While central banks have a wealth of information on interbank payments, there has historically been no in-built ability to distinguish the payments that constitute loans from other types of payments (other payments include those between banks' customers and foreign exchange transactions).[2] Moreover, other sources of information about these loans do not typically include the level of detail that would be available in a loan-level dataset. For example, the RBA's Interbank Overnight Cash Rate Survey (IBOC Survey) only provided the aggregate gross value of each survey participant's IBOC lending and borrowing during each trading session of the day, and the average interest rate at which these loans occurred.[3]

To garner detailed information on IBOC loans, algorithms have been developed to identify the interbank payments that constitute these loans. These algorithms are typically based on the seminal work of Furfine (1999), but have since been extended along several dimensions (see Demiralp, Preslopsky and Whitesell (2004) and Hendry and Kamhi (2007), for example). Given the mixed success of these algorithms (see Appendix A for details), we build on this literature to design a new algorithm for use in Australia (detailed in Section 3).

The main innovation of our algorithm is the ability to identify ‘rollovers’. A rollover occurs when, instead of repaying a loan from the previous day, the lender and borrower agree to a new IBOC loan. The lack of next-day repayment makes rollovers difficult to separately identify from longer-term loans. As a result, even though previous international research has discussed the possibility of rollovers (e.g. Furfine 1999; Armantier and Copeland 2015; Arciero et al 2016), existing algorithms do not attempt to identify them.

Identifying rollovers introduces complications beyond the lack of daily repayments. For example, borrowers could pay interest on a daily basis even though the principal of the loan is rolled over, or all interest could be paid when the loan ceases to be rolled over (with interest not necessarily included in the same payment as the principal).

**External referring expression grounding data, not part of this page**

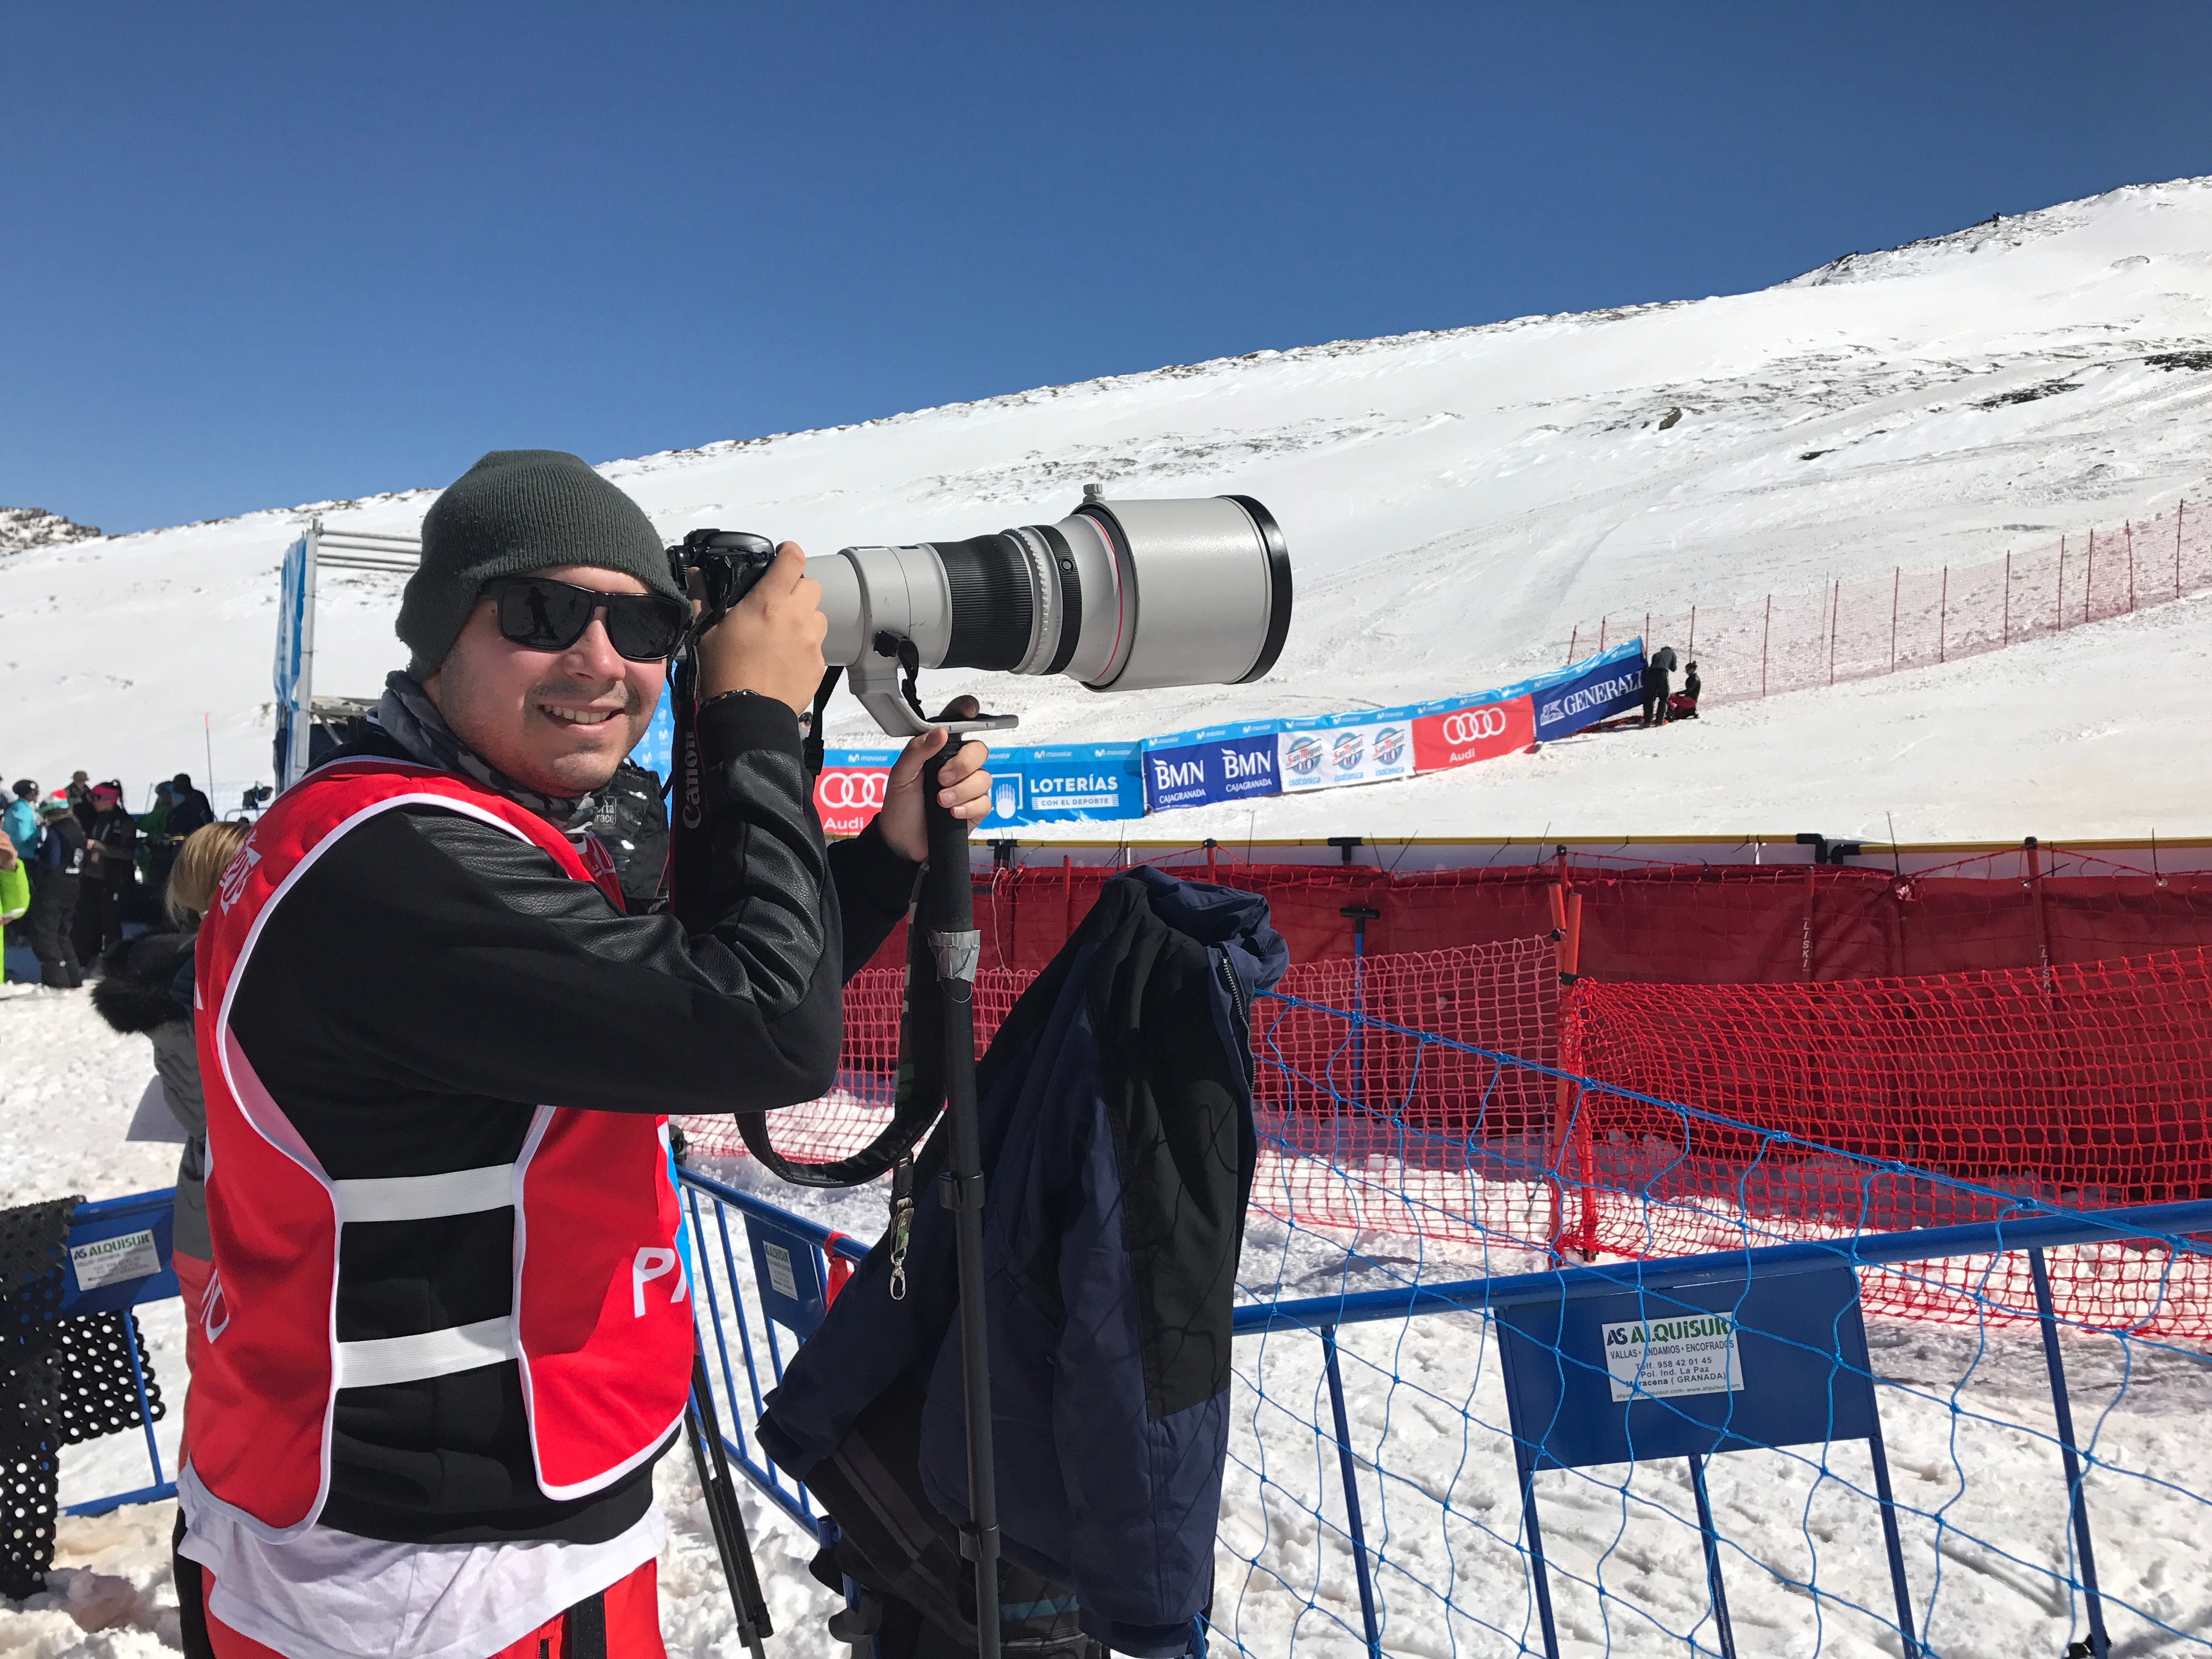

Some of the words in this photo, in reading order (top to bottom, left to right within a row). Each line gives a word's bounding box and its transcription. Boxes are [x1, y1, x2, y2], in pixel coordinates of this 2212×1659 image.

[1564, 670, 1644, 715] GENERALI
[1449, 748, 1475, 763] Audi
[1222, 750, 1271, 779] BMN
[683, 731, 702, 828] Canon
[1154, 760, 1204, 790] BMN
[1030, 774, 1118, 793] LOTERÍAS
[1226, 778, 1272, 793] CAJAGRANADA
[1159, 788, 1206, 804] CAJAGRANADA
[597, 799, 614, 814] rta
[594, 814, 614, 823] race
[823, 817, 864, 830] Audi
[1607, 1328, 1628, 1346] AS
[1610, 1349, 1638, 1359] VALLAS
[1646, 1345, 1680, 1356] NDAMIOS
[1626, 1379, 1668, 1388] Mracena
[1687, 1383, 1740, 1392] www.alquisur.om

Interest may also be calculated in different ways (i.e. simple or compound). Our algorithm allows for all of these possibilities.

Perhaps the biggest innovation of our algorithm is the ability to identify rollovers for which only part of the principal is rolled over, or for which the principal is increased. In this case, daily payments only reflect the change in principal, and the dollar value of daily interest varies over the rollover period (with the changes in principal). For reasons that will be explained in Section 3, identifying this type of rollover requires an algorithm that is fundamentally different to a Furfine-type algorithm.

By comparing aggregates of the IBOC loans identified by our algorithm to IBOC Survey data, we conclude that our algorithm successfully identifies the majority of IBOC loans. Between 2005 and 2015, the daily correlations between the IBOC Survey data and the algorithm output are greater than 90 per cent (increasing to 96 per cent for the four major Australian banks). As is discussed in Section 4, such accuracy is uncommon in the existing literature, which may be partially due to the inability of existing algorithms to identify rollovers (the daily correlations in our sample drop below 40 per cent if rollovers are excluded). So the novel features of our algorithm may also be useful for identifying overnight interbank loans in other countries.

The loan-level dataset produced by our algorithm contains information on counterparties, loan values, interest rates, time of settlement, time of repayment, rollover length, and repayment structures. With the most detailed IBOC market dataset ever constructed now at our disposal, we explore several features of the market that were previously unobservable. The aim is to both improve our understanding of how the market functions, and help explain several of the changes that have occurred over the past decade, for example (see Section 5 for details):

  • The halving of IBOC market activity between 2009 and 2015 mainly involved an 87 per cent fall in the value of rollovers (rollovers accounted for almost half of the market before the fall), with the value of non-rolled loans being little changed.
  • While both rollovers and non-rolled loans appear to be used to satisfy banks' late-day funding needs, they are not perfect substitutes, with rollovers conducted earlier in the day (when banks may be less certain of their late-day funding requirements). Knowing the timing of loans is important for operational decisions made by the RBA (such as the timing of open market operations).
  • Banks are currently conducting non-rolled lending during a briefer period (towards the end of the day) than has been the case historically. And, despite significant changes to the market resulting from the introduction of same-day settlement of direct entry obligations in November 2013, there is little evidence that these changes affected the timing of non-rolled IBOC loans.
  • Simple interest was used to calculate the repayments of rollovers, even though daily interest typically remained outstanding for the life of the rollover.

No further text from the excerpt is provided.